◆ Extracted data entries ◆
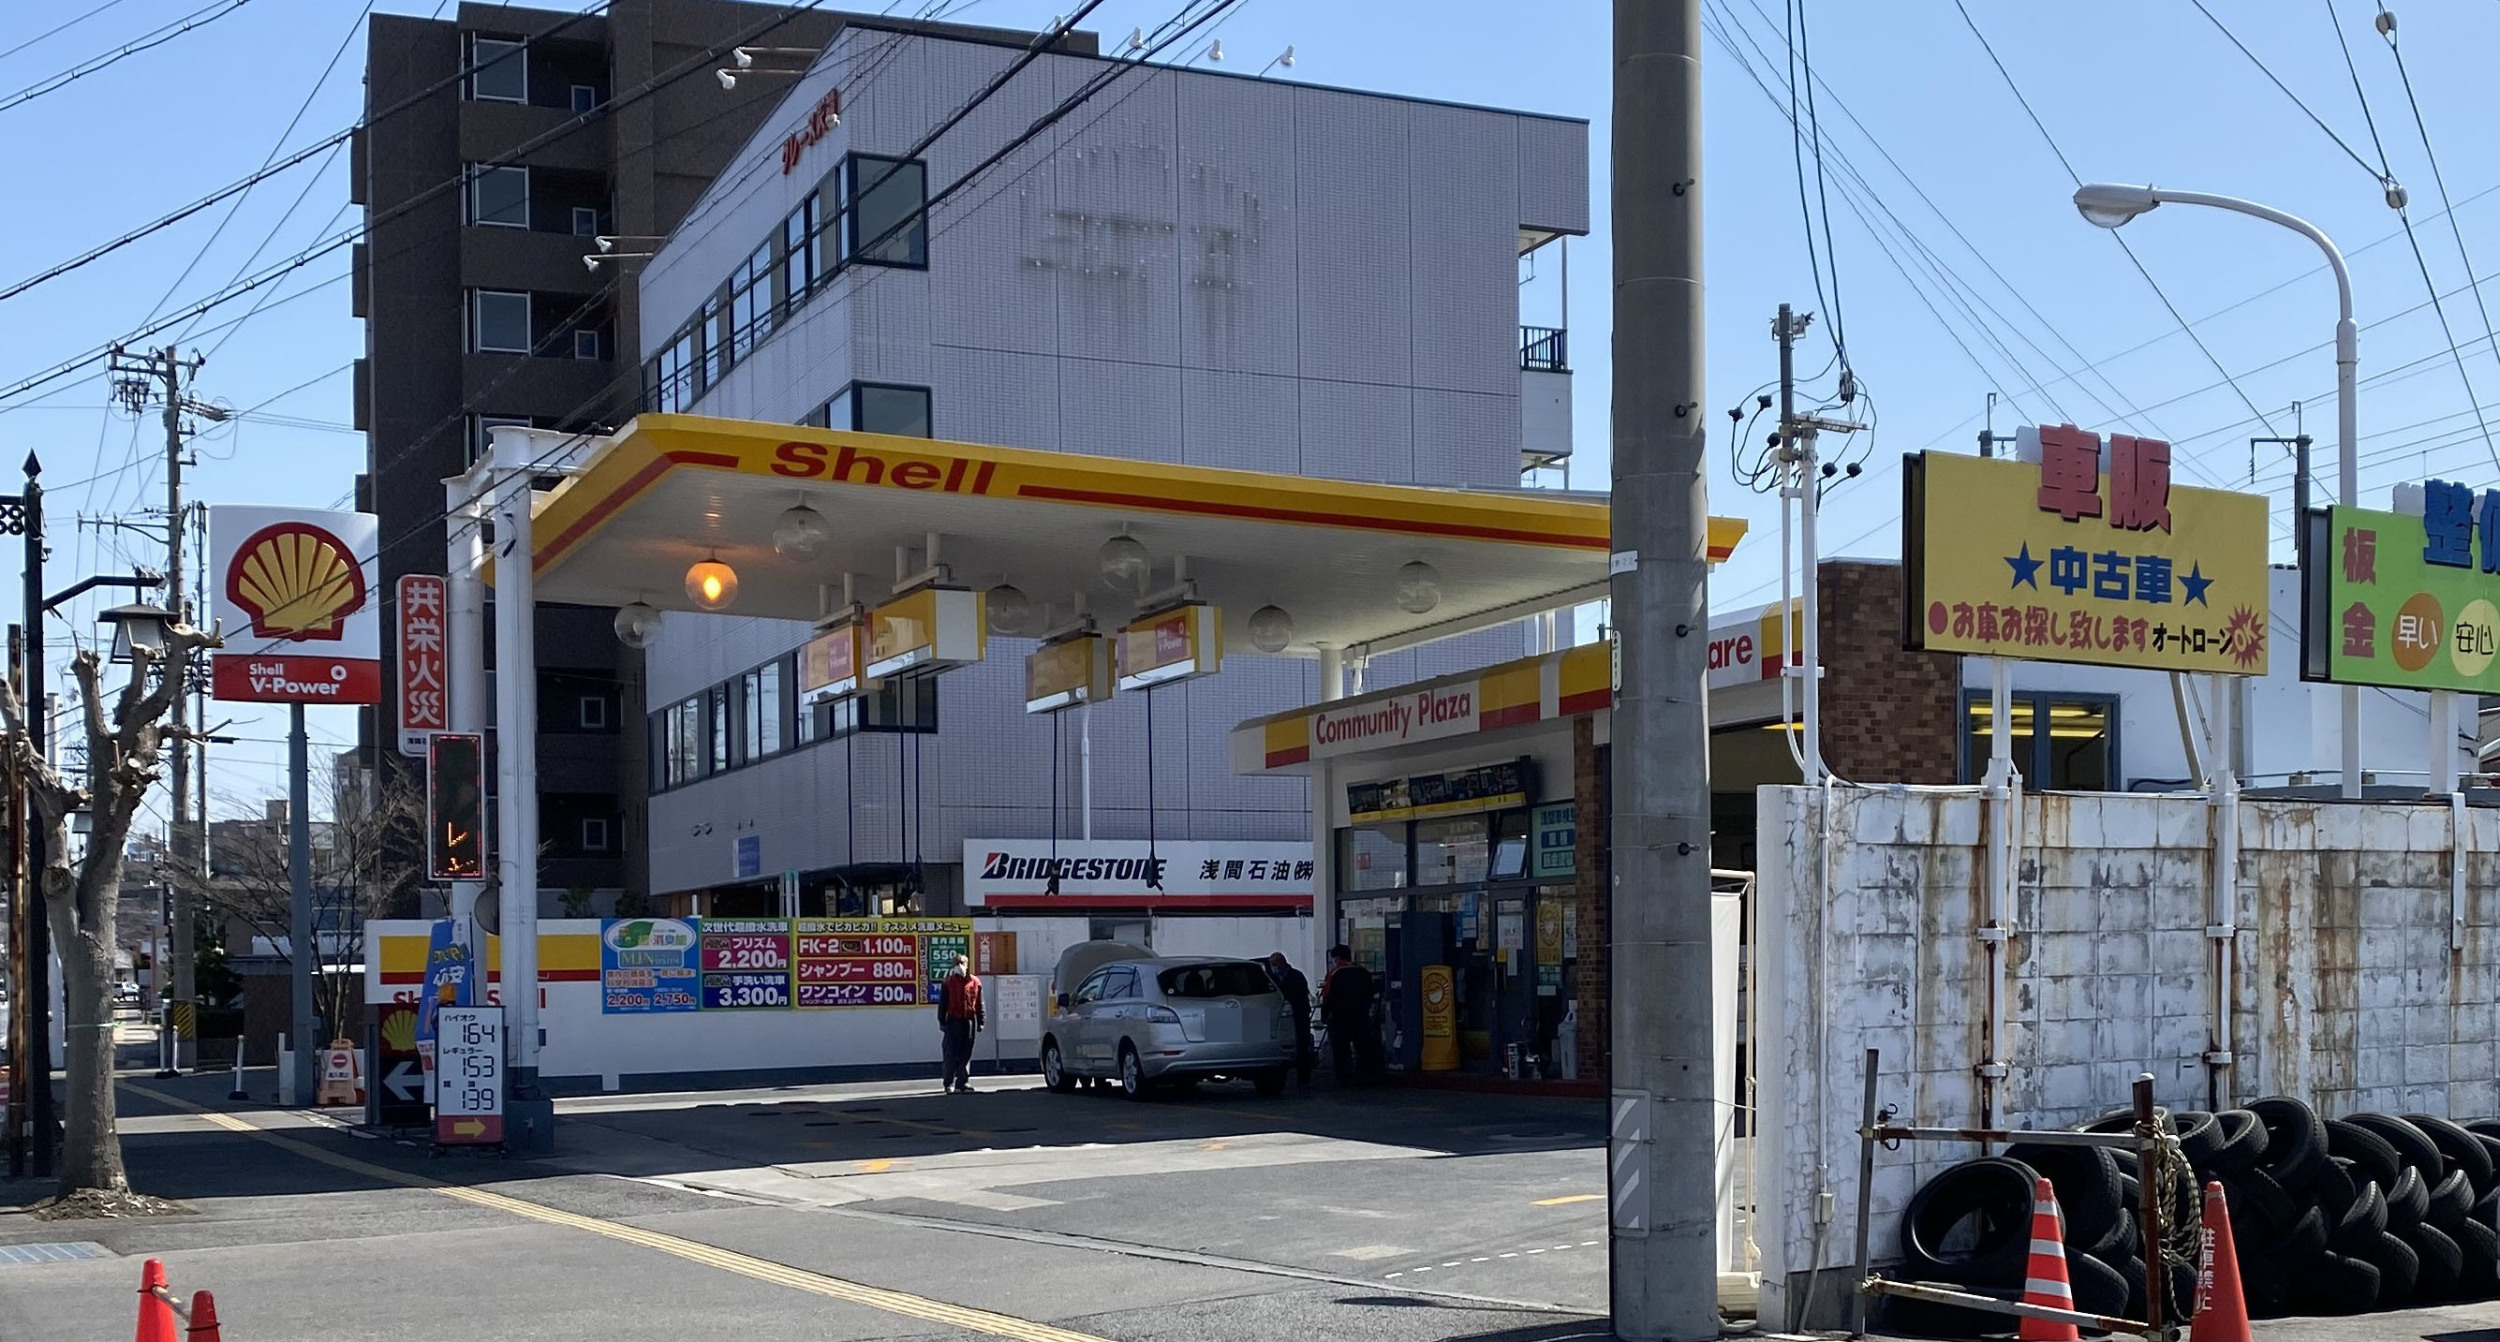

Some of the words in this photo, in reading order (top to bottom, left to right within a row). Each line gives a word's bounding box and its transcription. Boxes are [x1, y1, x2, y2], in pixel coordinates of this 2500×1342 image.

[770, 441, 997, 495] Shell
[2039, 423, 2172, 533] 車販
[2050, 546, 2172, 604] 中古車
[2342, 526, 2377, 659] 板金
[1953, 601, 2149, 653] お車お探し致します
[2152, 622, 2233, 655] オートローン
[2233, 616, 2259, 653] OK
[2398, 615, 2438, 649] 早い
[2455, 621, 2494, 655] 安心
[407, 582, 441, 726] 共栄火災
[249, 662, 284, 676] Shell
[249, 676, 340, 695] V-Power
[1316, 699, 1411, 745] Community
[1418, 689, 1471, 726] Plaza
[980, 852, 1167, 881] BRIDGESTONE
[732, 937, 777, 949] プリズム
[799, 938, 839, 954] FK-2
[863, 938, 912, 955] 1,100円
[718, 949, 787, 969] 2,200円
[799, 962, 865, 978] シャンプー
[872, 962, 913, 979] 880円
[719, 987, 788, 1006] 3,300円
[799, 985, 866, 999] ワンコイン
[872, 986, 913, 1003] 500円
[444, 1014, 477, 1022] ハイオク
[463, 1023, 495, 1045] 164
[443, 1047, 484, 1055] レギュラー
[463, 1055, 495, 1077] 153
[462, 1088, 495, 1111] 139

◆ Task description ◆
Without the pictures, return the records above exactly as given.

◆ Task response ◆
Some of the words in this photo, in reading order (top to bottom, left to right within a row). Each line gives a word's bounding box and its transcription. Boxes are [x1, y1, x2, y2], in pixel coordinates of this 2500×1342 image.

[770, 441, 997, 495] Shell
[2039, 423, 2172, 533] 車販
[2050, 546, 2172, 604] 中古車
[2342, 526, 2377, 659] 板金
[1953, 601, 2149, 653] お車お探し致します
[2152, 622, 2233, 655] オートローン
[2233, 616, 2259, 653] OK
[2398, 615, 2438, 649] 早い
[2455, 621, 2494, 655] 安心
[407, 582, 441, 726] 共栄火災
[249, 662, 284, 676] Shell
[249, 676, 340, 695] V-Power
[1316, 699, 1411, 745] Community
[1418, 689, 1471, 726] Plaza
[980, 852, 1167, 881] BRIDGESTONE
[732, 937, 777, 949] プリズム
[799, 938, 839, 954] FK-2
[863, 938, 912, 955] 1,100円
[718, 949, 787, 969] 2,200円
[799, 962, 865, 978] シャンプー
[872, 962, 913, 979] 880円
[719, 987, 788, 1006] 3,300円
[799, 985, 866, 999] ワンコイン
[872, 986, 913, 1003] 500円
[444, 1014, 477, 1022] ハイオク
[463, 1023, 495, 1045] 164
[443, 1047, 484, 1055] レギュラー
[463, 1055, 495, 1077] 153
[462, 1088, 495, 1111] 139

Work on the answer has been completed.